Dr Alberto Laffranchi

Alberto Laffranchi, Istituto Tumori di Milano:

“Il 50% dei pazienti vi ricorre per combattere gli effetti collaterali”.

Fonte: Quotidiano Sanità – Edoardo Stucchi – 17.11.2014

I dati sono significativi. Almeno a sentire le statistiche di MeTeCo, il comitato per le medicine complementari in oncologia nato all’interno dell’Istituto tumori di Milano.

Un paziente oncologico su due farebbe infatti ricorso alla medicina “non ufficiale” per combattere soprattutto i sintomi delle malattia.

Ma la ricerca di un medico “adiuvante” è sempre problematica e spesso capita che l’operatore non sia sufficientemente preparato a trattare malati in cura oncologica. Pochissimi ospedali o strutture sanitarie dispongono, infatti, di ambulatori per le medicine complementari.

Fanno scuola Lombardia, Toscana, Alto Adige dove a pagamento o con ticket si possono avere trattamenti di fitoterapia, agopuntura, shiatsu o applicazioni di onde elettromagnetiche.

La presenza di un ambulatorio pubblico di medicine complementari in collegamento con i grandi centri di cura potrebbe garantire una migliore attenzione ai malati, agli effetti iatrogeni e valutare meglio le risposte della medicina complementare. […]
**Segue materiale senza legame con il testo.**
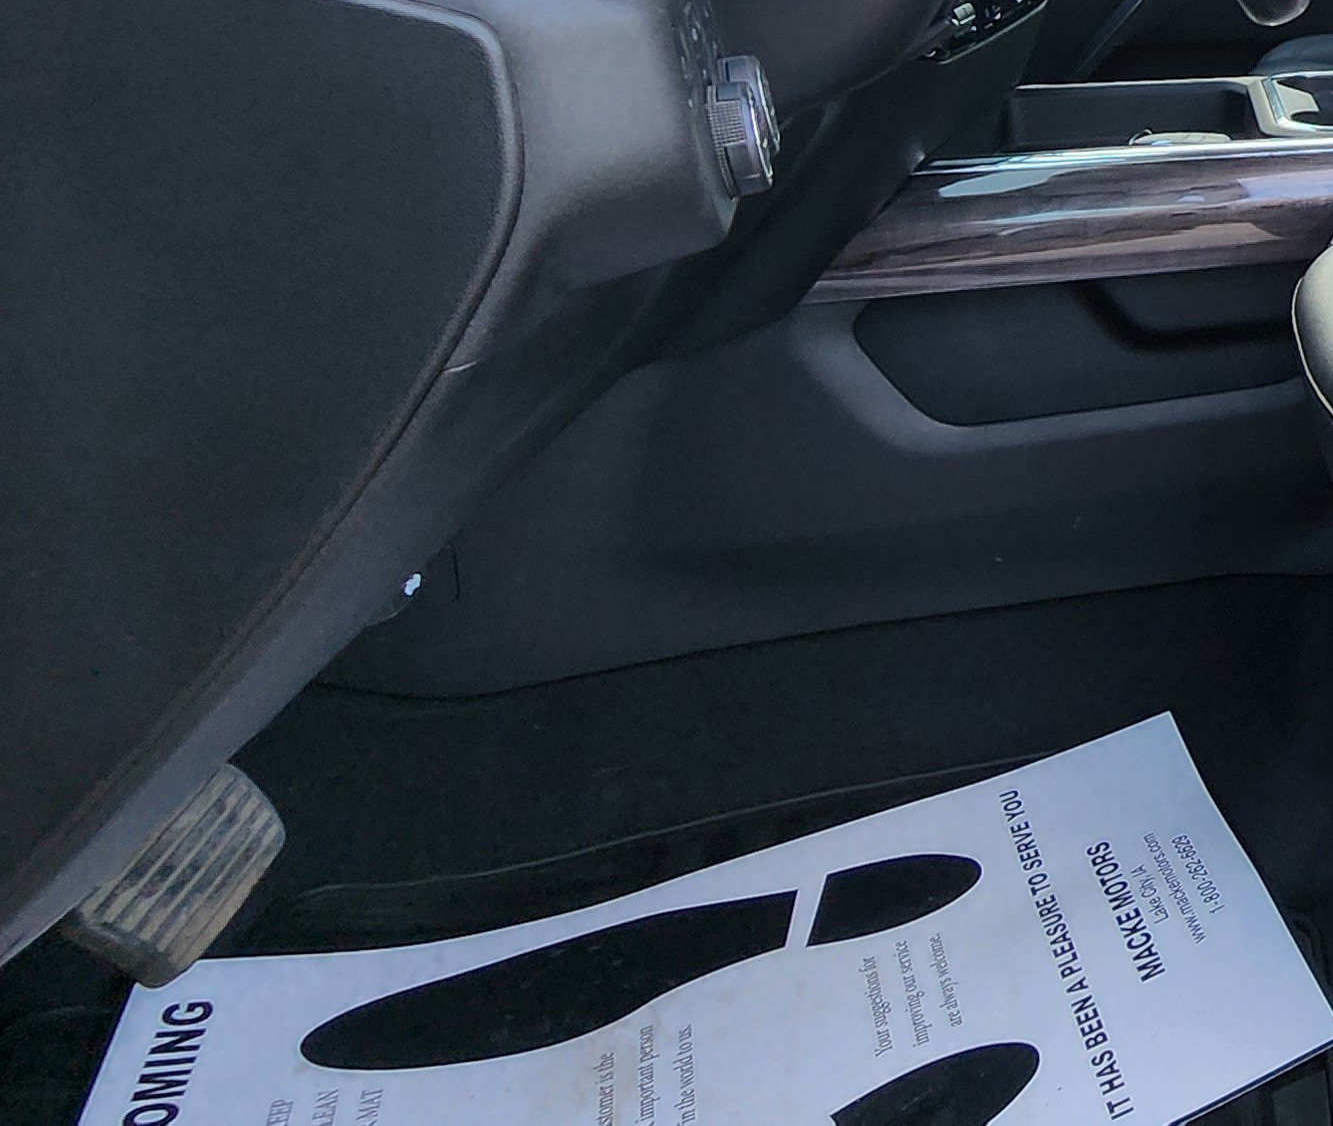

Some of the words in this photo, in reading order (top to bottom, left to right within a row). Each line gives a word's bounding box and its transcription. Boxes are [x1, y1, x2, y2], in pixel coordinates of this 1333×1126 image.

[999, 790, 1025, 822] YOU
[1010, 821, 1042, 871] SERVE
[1028, 873, 1051, 896] TO
[1087, 842, 1135, 911] MOTORS
[1131, 865, 1147, 878] IA
[1139, 875, 1157, 898] City,
[1172, 835, 1225, 914] 1-800-262-6629
[1144, 833, 1206, 944] www.mackemotors.com
[1149, 896, 1169, 924] Lake
[1035, 894, 1083, 979] PLEASURE
[1116, 907, 1165, 982] MACKE
[858, 956, 877, 973] for
[893, 940, 913, 974] service
[864, 970, 892, 1028] suggestions
[903, 975, 917, 993] our
[939, 977, 959, 1010] always
[1066, 977, 1089, 993] A
[905, 990, 933, 1048] improving
[948, 1010, 963, 1027] are
[1071, 995, 1108, 1050] BEEN
[640, 1025, 660, 1063] person
[677, 1042, 693, 1055] to
[874, 1028, 893, 1057] Your
[593, 1053, 614, 1072] the
[595, 1072, 614, 1084] is
[673, 1055, 694, 1089] world
[1091, 1050, 1125, 1095] HAS
[595, 1084, 614, 1126] stomer
[635, 1063, 660, 1124] important
[673, 1089, 695, 1110] the
[1106, 1097, 1134, 1120] IT
[676, 1109, 696, 1126] in
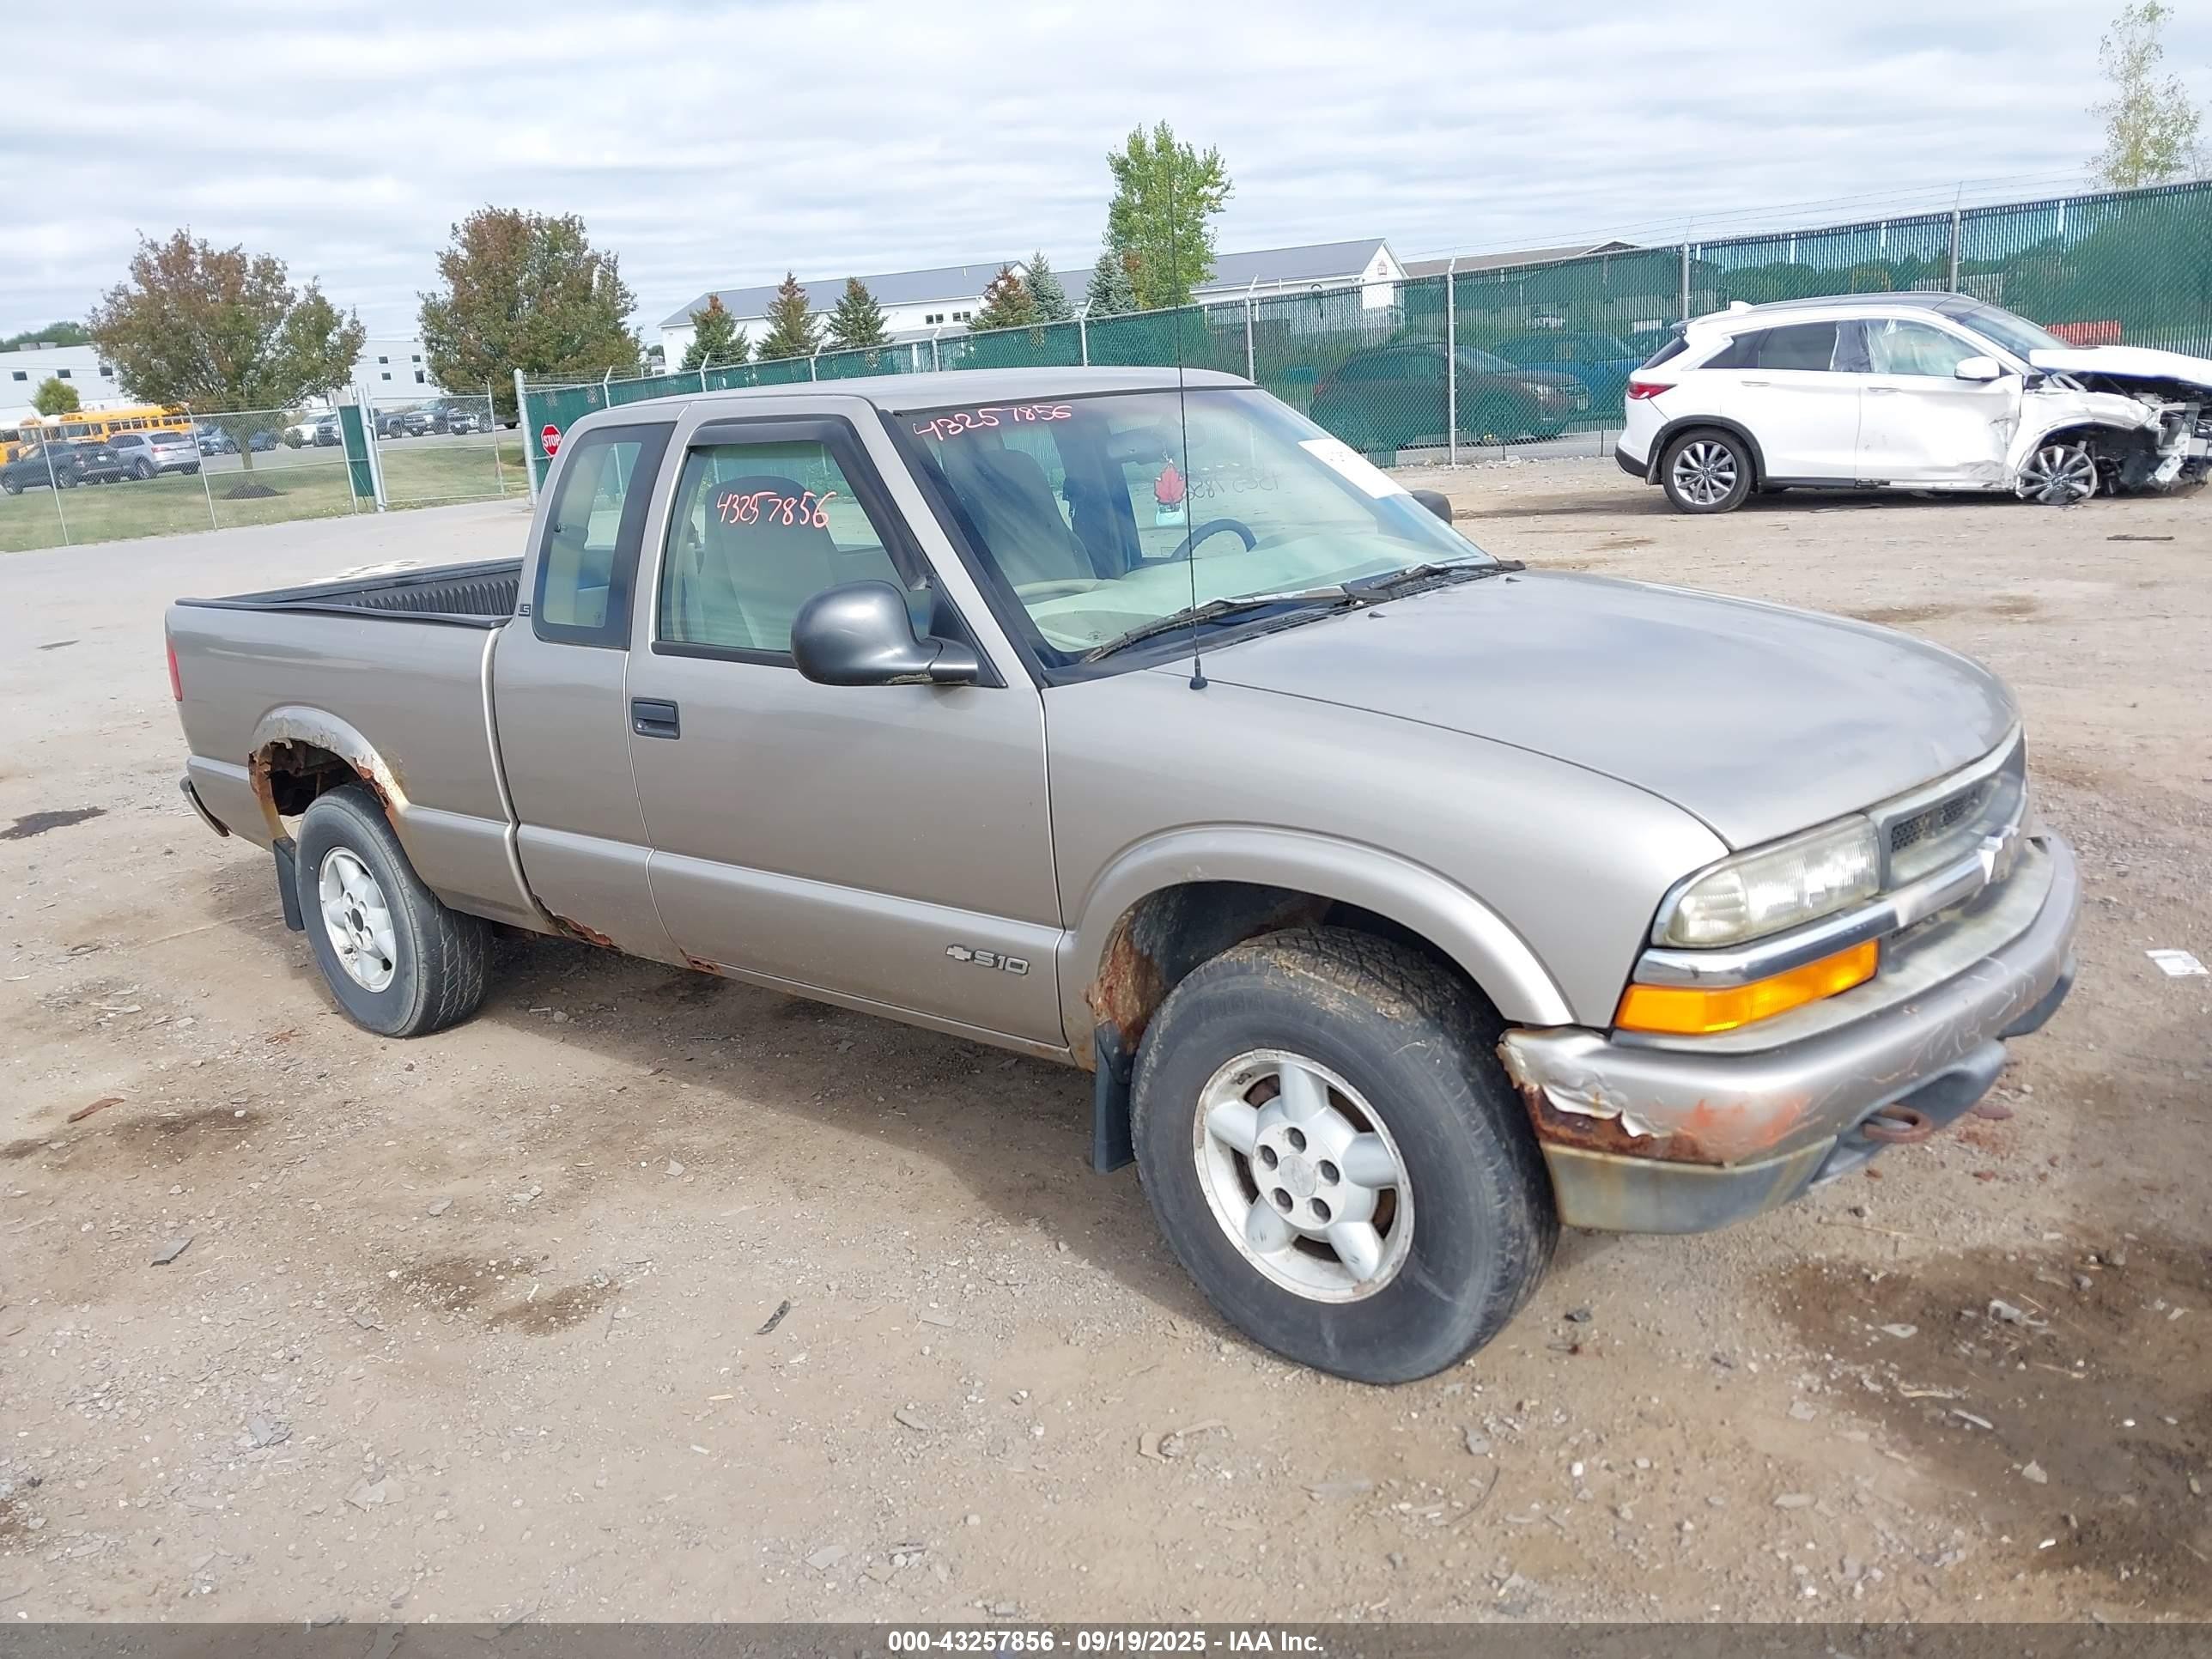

[…] “L’utilizzo di terapie complementari da parte dei pazienti oncologici, pur con i loro limiti risulta essere molto frequente: le nostre valutazioni statistiche indicano una percentuale vicina al 50%. Questo non vuol dire che si vuole sostituire la cura con altri sistemi – ha detto Alberto Laffranchi, medico specialista in radiodiagnostica e radioterapia all’Istituto dei tumori di Milano e coordinatore di Meteco – ma offrire l’opportunità di vivere in modo migliore attraverso suggerimenti e dimostrazioni concrete su stili di vita più regolari, un’alimentazione più sana e cure ‘dolci’ che tengano conto dell’equilibrio tra corpo e mente, in particolare per i malati di cancro che sempre più avvertono la necessità di un approccio olistico, in grado di curare la persona nella sua globalità e non soltanto la malattia fisica. Un approccio, che speriamo sia accolto dalle Istituzioni sanitarie, per sostenere le cure oncologiche convenzionali (chirurgia, chemioterapia e radioterapia) e che contribuisca efficacemente al miglioramento della qualità di vita dei malati”. […]

[…] L’applicazione di campi elettromagnetici ultradeboli permette alle cellule del corpo umano di recuperare elementi fondamentali per la salvaguardia della loro funzione, poiché, come noto, il tumore e la relativa chemioterapia abbassano le difese del sistema immunitario. Il paziente, in queste condizioni ambientali, viene esposto ulteriormente ad attacchi batterici e virali, spesso fatali.

Ma in cosa consiste questa terapia?

Ne abbiamo parlato con Piergiorgio Spaggiari, fisico e medico che ha conseguito laurea honoris causa al Medical State University di Odessa in medicina quantistica e che ha presieduto e moderato la prima giornata del convegno di Erba. “E’ ormai dimostrato che le cellule ubbidiscono a variazioni di campo elettromagnetico (l’esempio più eclatante è l’impiego della risonanza magnetica nucleare in ambito diagnostico) – spiega l’esperto -. Se noi infatti immergiamo il paziente e quindi le sue cellule in un campo magnetico permanente di bassa intensità, pari al campo magnetico terrestre, e aggiungiamo un campo magnetico variabile le cui frequenze sono pari alle frequenze degli ioni che le cellule perdono, le cellule riescono a recuperare questi ioni in quanto soggette ad una forza generata dalla somma dei due campi. Purtroppo queste terapie non sono ancora sufficientemente conosciute ed applicate all’interno di strutture pubbliche ad eccezione di alcune.

Nel nostro Paese sono comunque usufruibili in molti centri privati, in tutto il territorio nazionale, come del resto molte delle terapie complementari descritte”.